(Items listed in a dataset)
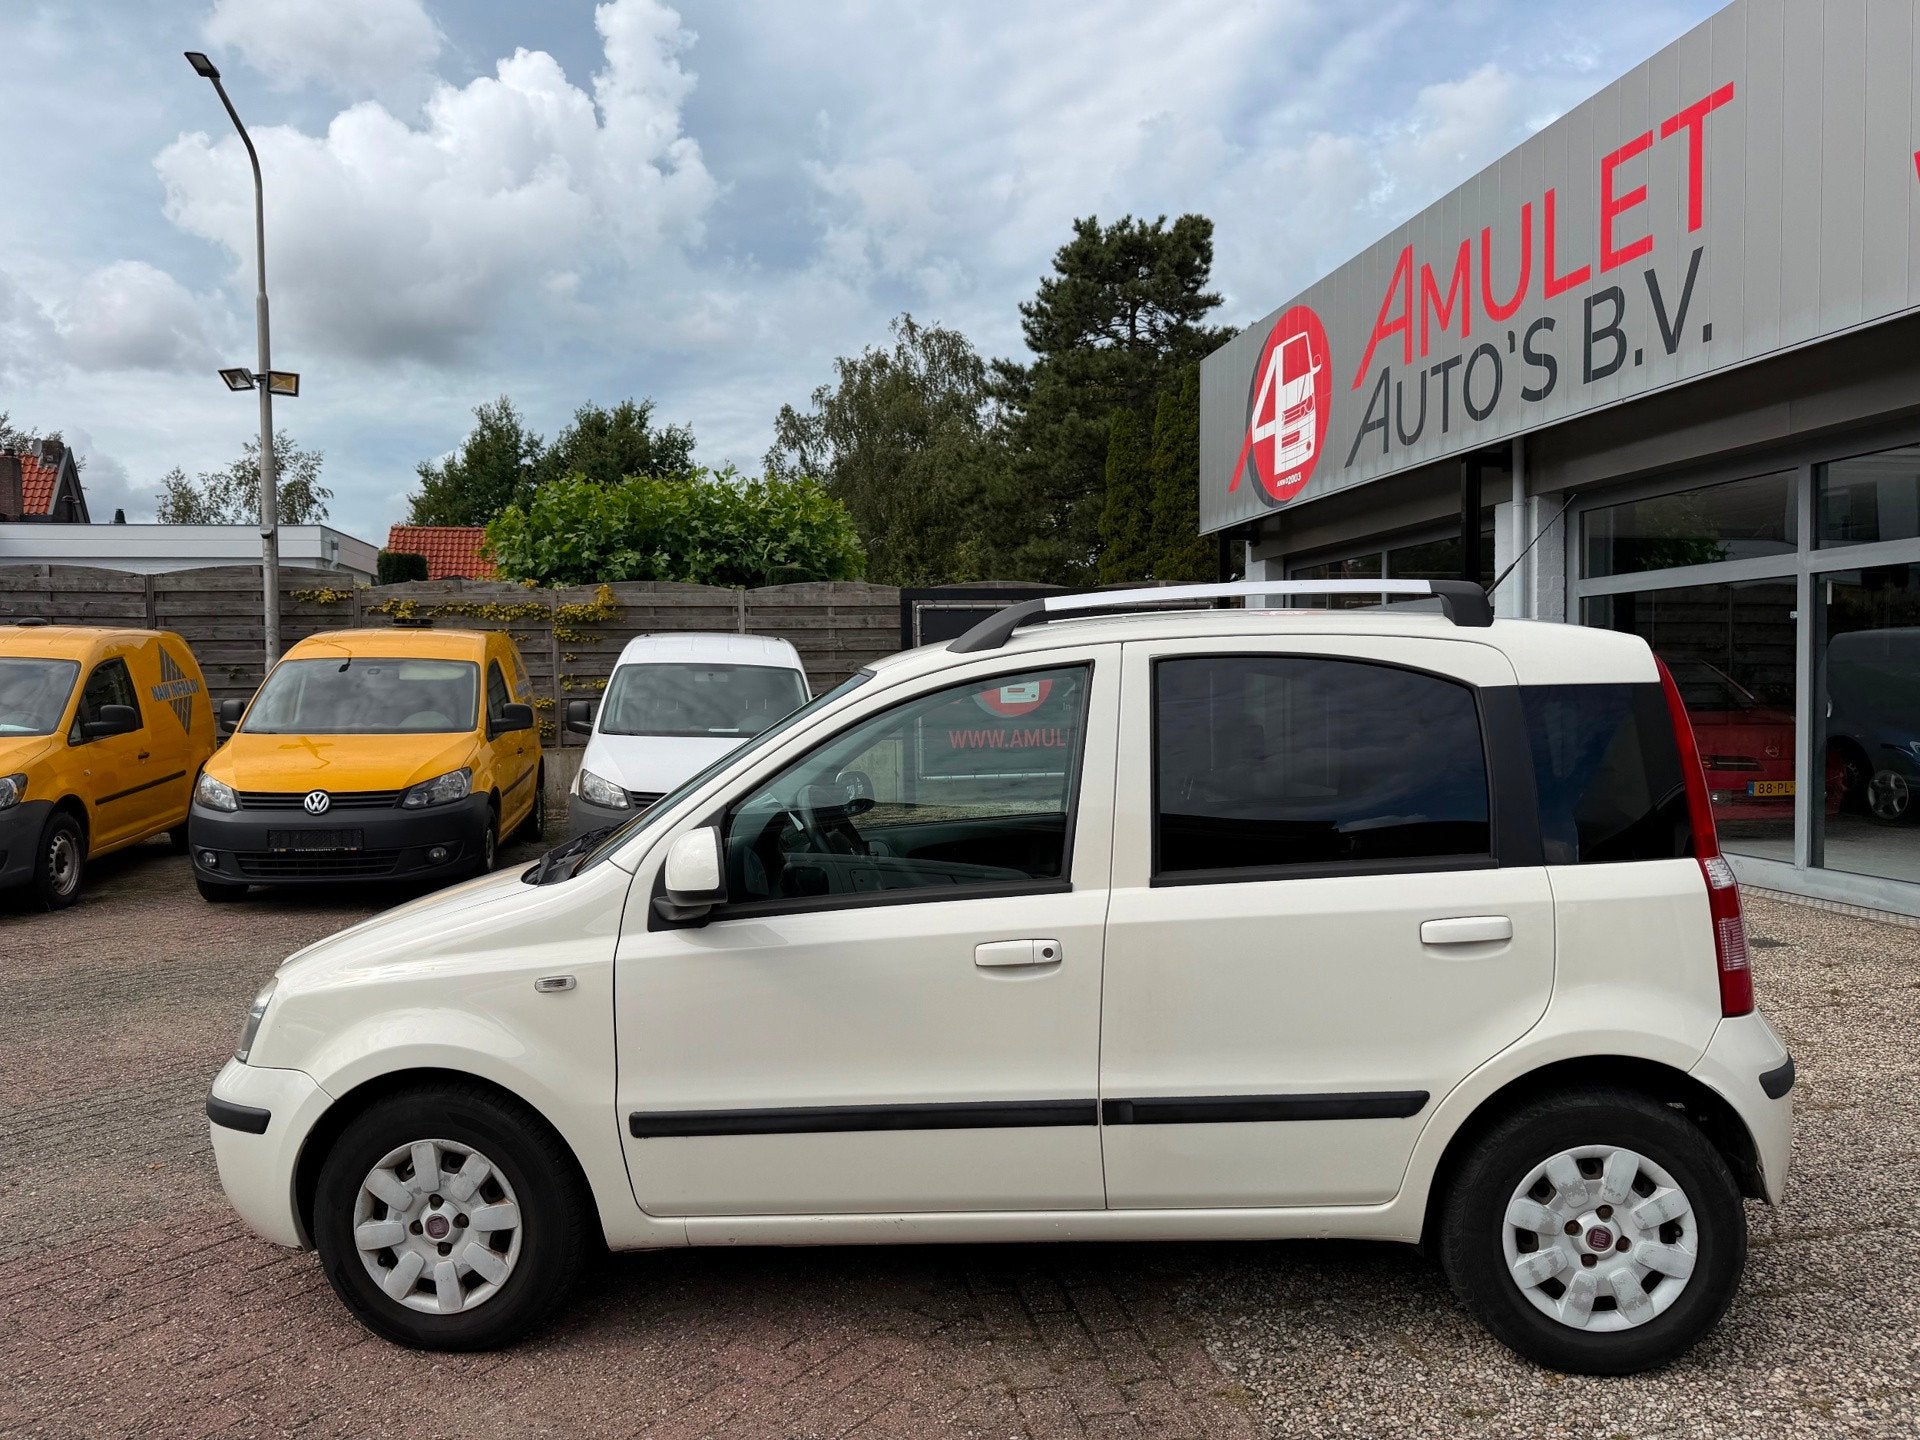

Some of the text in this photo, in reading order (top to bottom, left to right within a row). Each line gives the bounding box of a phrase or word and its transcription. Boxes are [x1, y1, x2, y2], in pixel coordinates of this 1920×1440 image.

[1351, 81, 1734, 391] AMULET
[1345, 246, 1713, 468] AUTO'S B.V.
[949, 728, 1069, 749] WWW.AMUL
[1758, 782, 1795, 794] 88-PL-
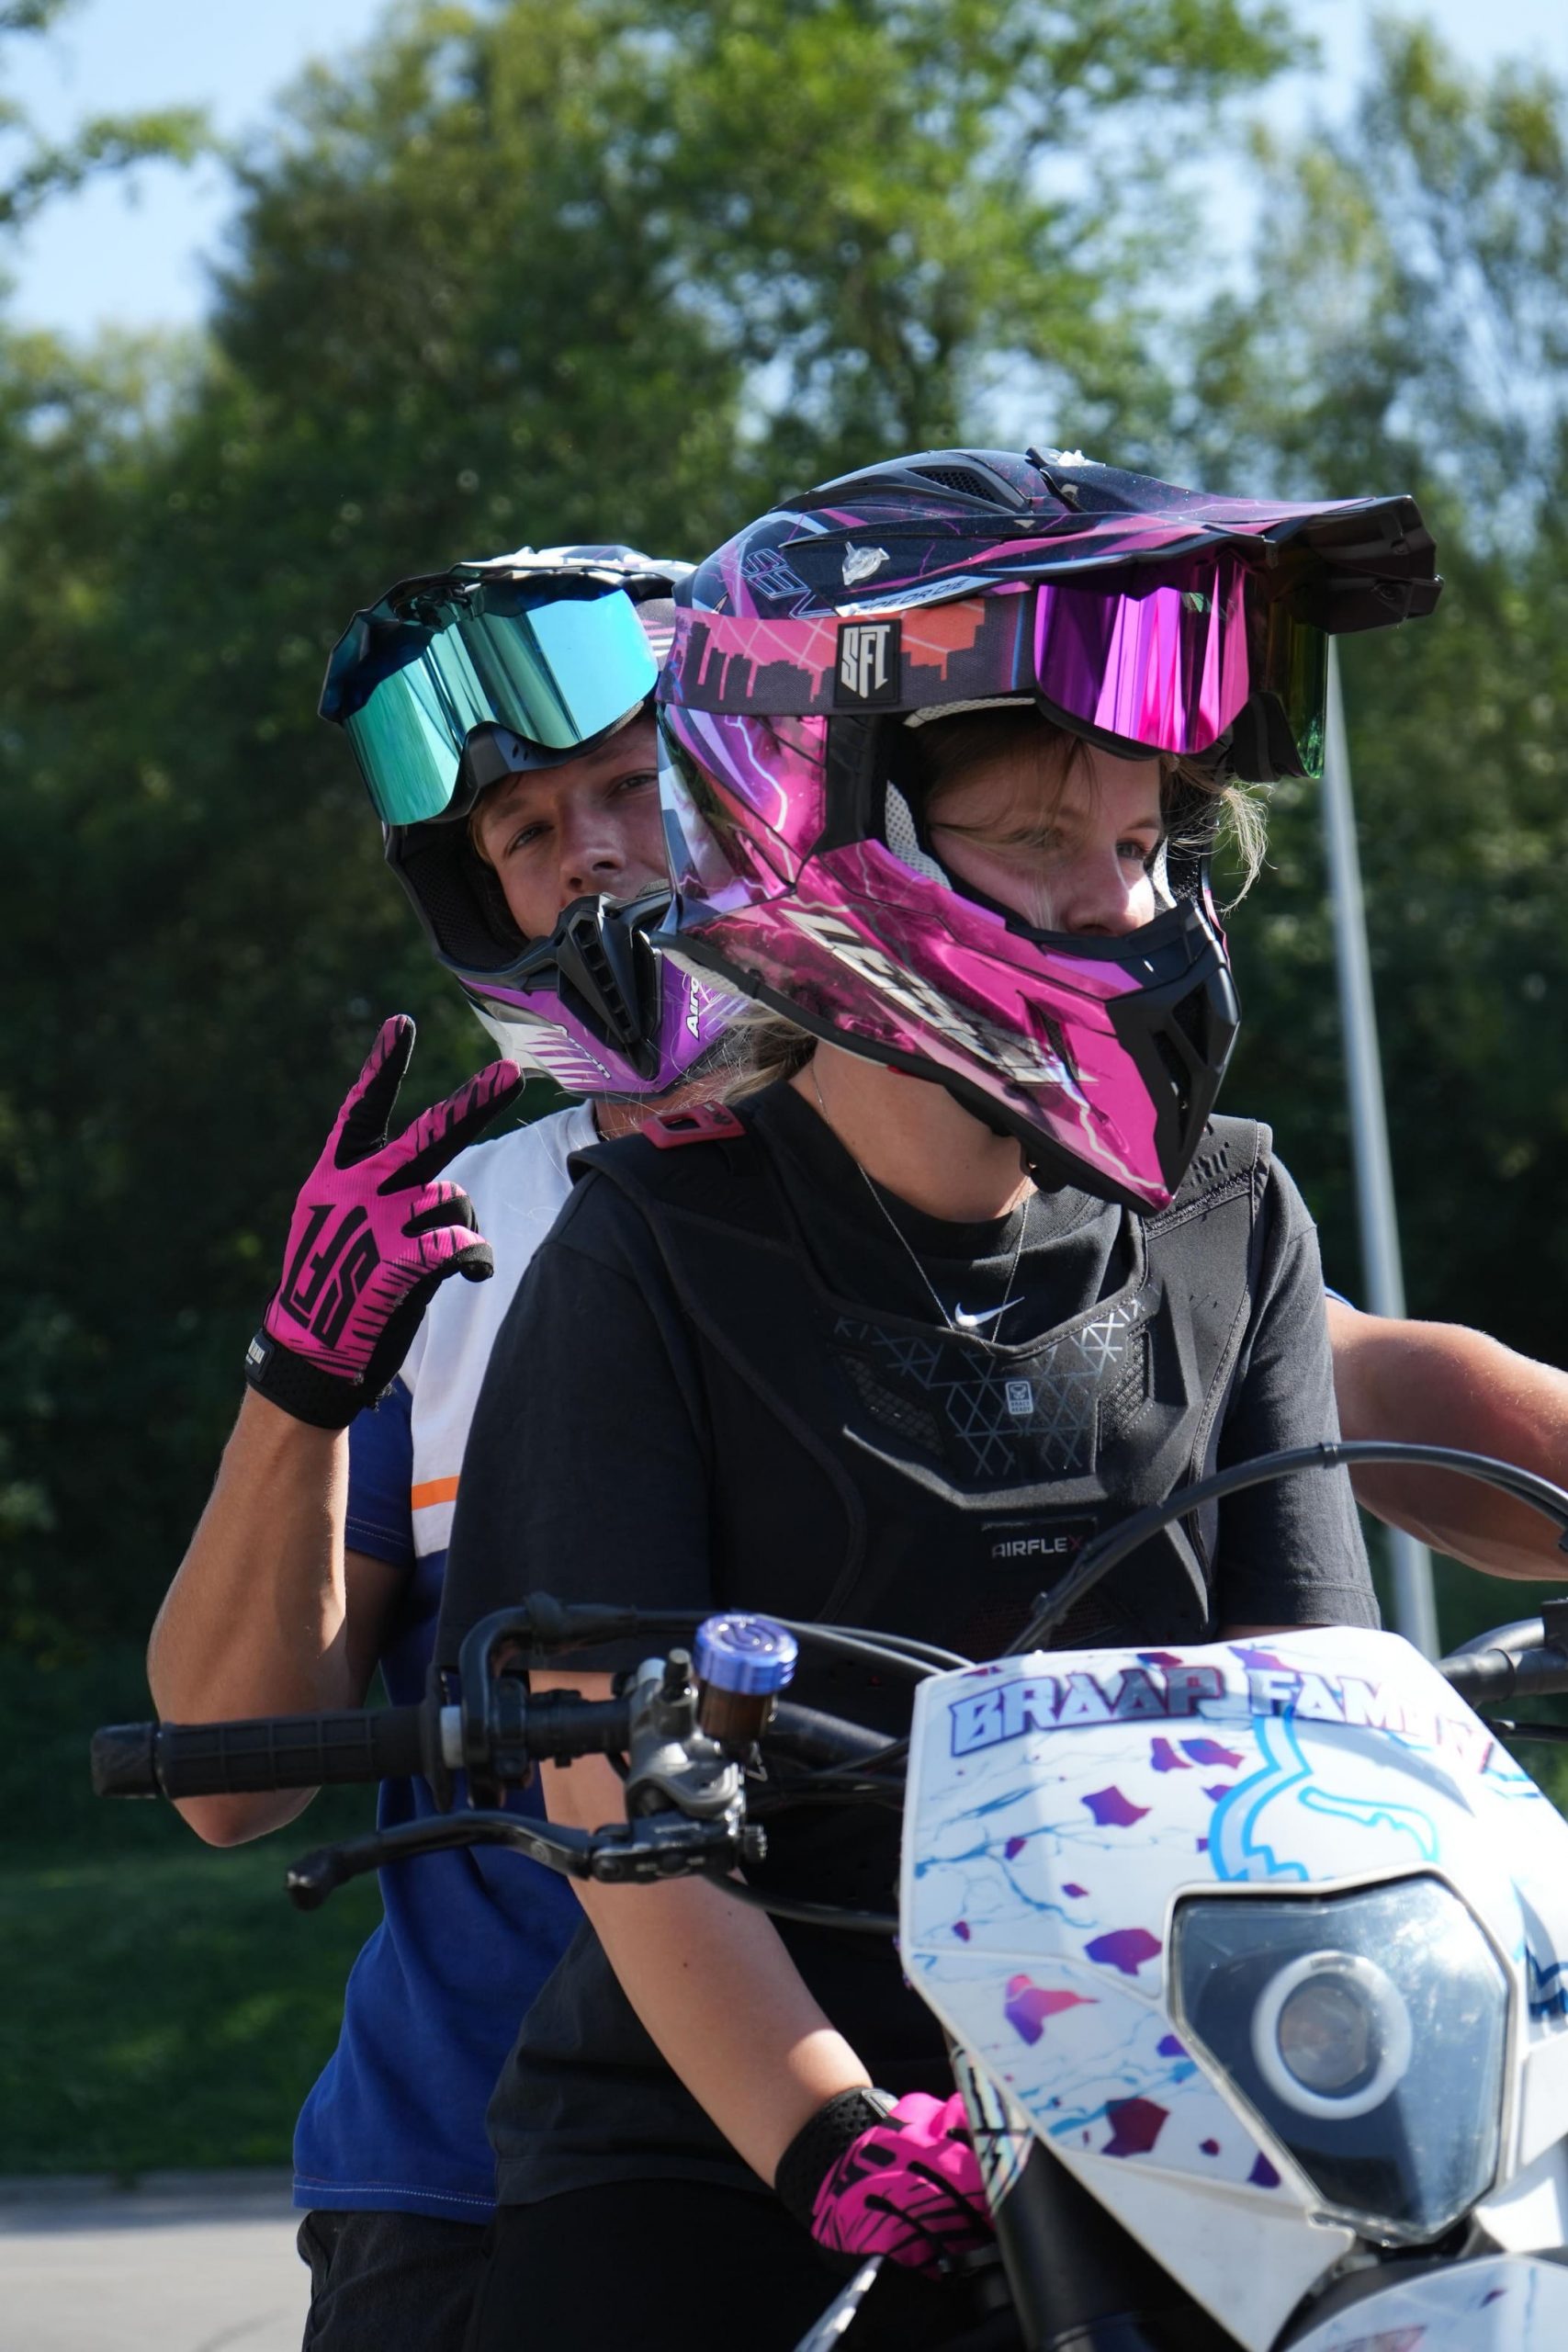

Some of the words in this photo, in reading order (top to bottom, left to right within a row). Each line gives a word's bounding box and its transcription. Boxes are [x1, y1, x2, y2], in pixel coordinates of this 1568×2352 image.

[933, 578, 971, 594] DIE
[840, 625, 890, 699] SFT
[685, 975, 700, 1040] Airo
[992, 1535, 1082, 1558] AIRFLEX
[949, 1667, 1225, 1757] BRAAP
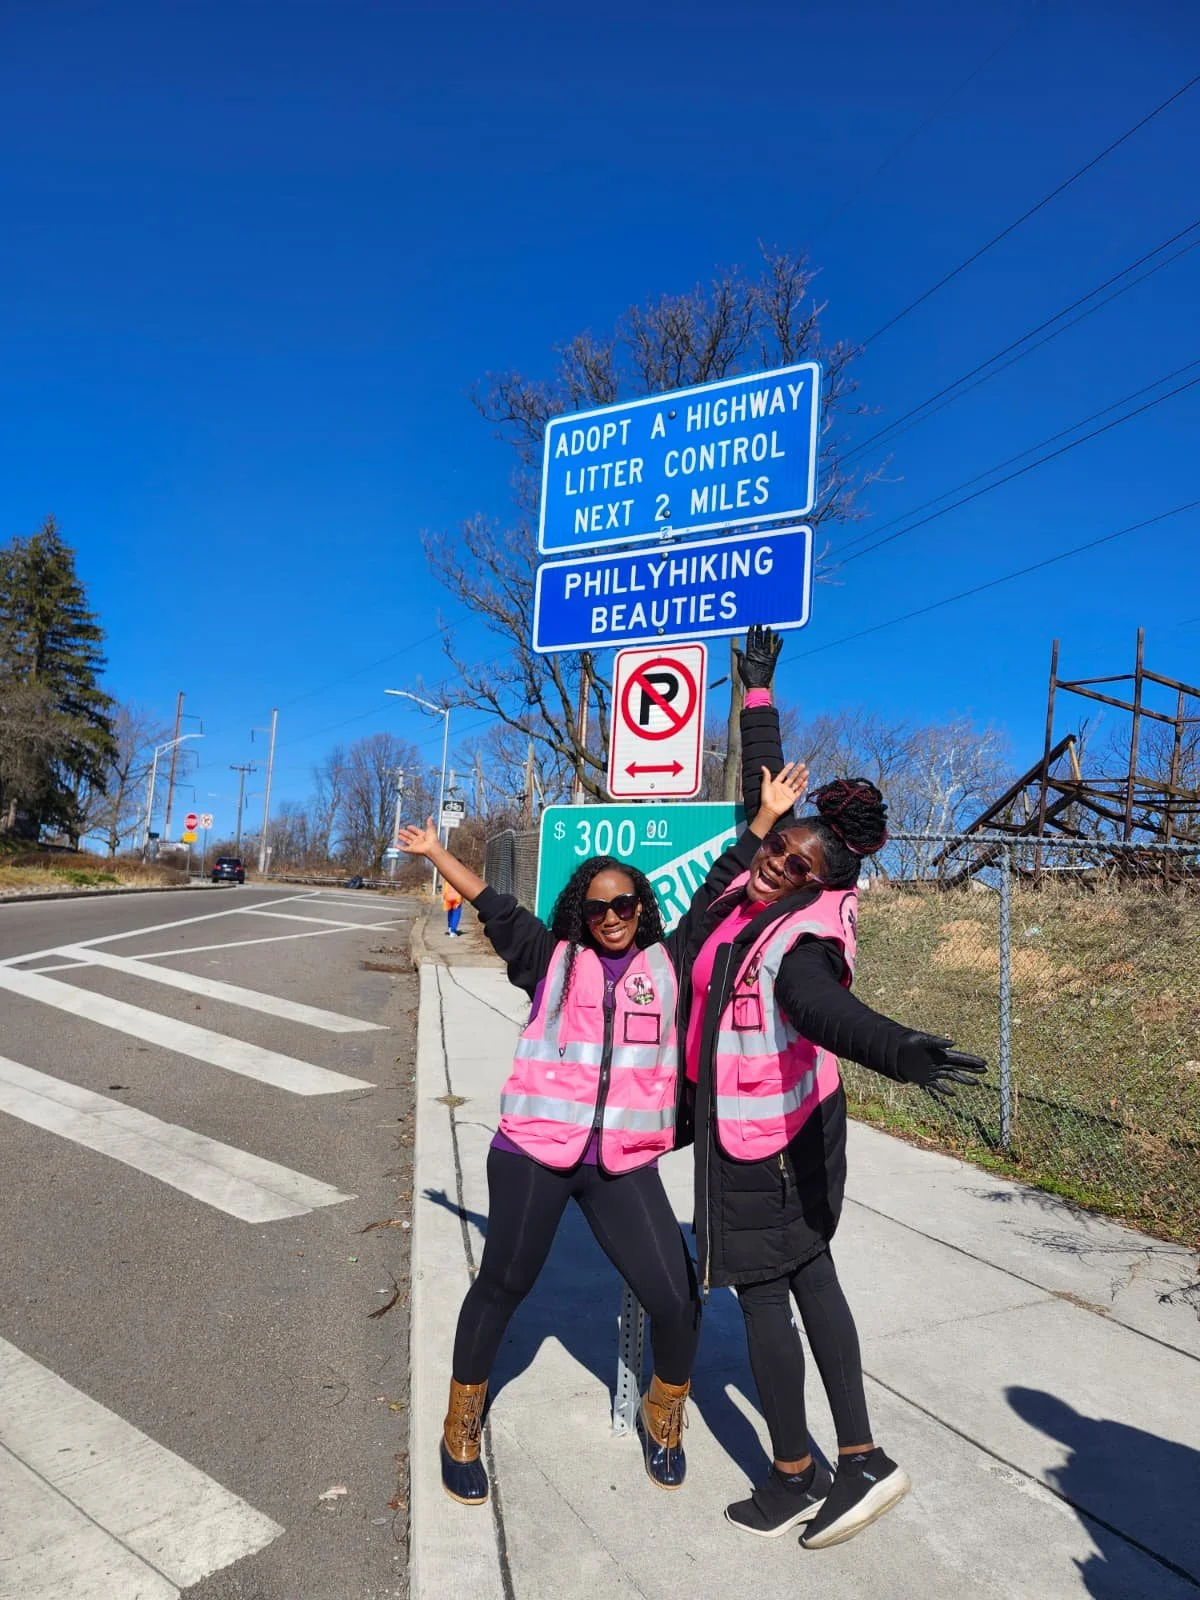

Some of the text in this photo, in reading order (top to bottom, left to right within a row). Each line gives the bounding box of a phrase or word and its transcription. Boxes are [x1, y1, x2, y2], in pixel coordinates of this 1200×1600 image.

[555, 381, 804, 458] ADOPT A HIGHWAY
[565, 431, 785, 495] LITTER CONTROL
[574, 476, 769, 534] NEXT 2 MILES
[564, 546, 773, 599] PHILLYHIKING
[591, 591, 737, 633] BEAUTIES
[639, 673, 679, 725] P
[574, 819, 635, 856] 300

Exercise brief. Verbatim copy, images excluded: transcribe all the entries above.

Output for this task.
Some of the text in this photo, in reading order (top to bottom, left to right within a row). Each line gives the bounding box of a phrase or word and its transcription. Boxes are [x1, y1, x2, y2], in pixel coordinates of this 1920×1440 image.

[1351, 81, 1734, 391] AMULET
[1345, 246, 1713, 468] AUTO'S B.V.
[949, 728, 1069, 749] WWW.AMUL
[1758, 782, 1795, 794] 88-PL-

Some of the words in this photo, in reading order (top to bottom, left to right within a row). Each line gives a word's bounding box and its transcription. Boxes are [x1, y1, x2, y2], in pixel coordinates of this 1568×2352 image.

[933, 578, 971, 594] DIE
[840, 625, 890, 699] SFT
[685, 975, 700, 1040] Airo
[992, 1535, 1082, 1558] AIRFLEX
[949, 1667, 1225, 1757] BRAAP

Some of the text in this photo, in reading order (top to bottom, left to right within a row). Each line gives the bounding box of a phrase or word and its transcription. Boxes are [x1, y1, x2, y2], in pixel coordinates of this 1200×1600 image.

[555, 381, 804, 458] ADOPT A HIGHWAY
[565, 431, 785, 495] LITTER CONTROL
[574, 476, 769, 534] NEXT 2 MILES
[564, 546, 773, 599] PHILLYHIKING
[591, 591, 737, 633] BEAUTIES
[639, 673, 679, 725] P
[574, 819, 635, 856] 300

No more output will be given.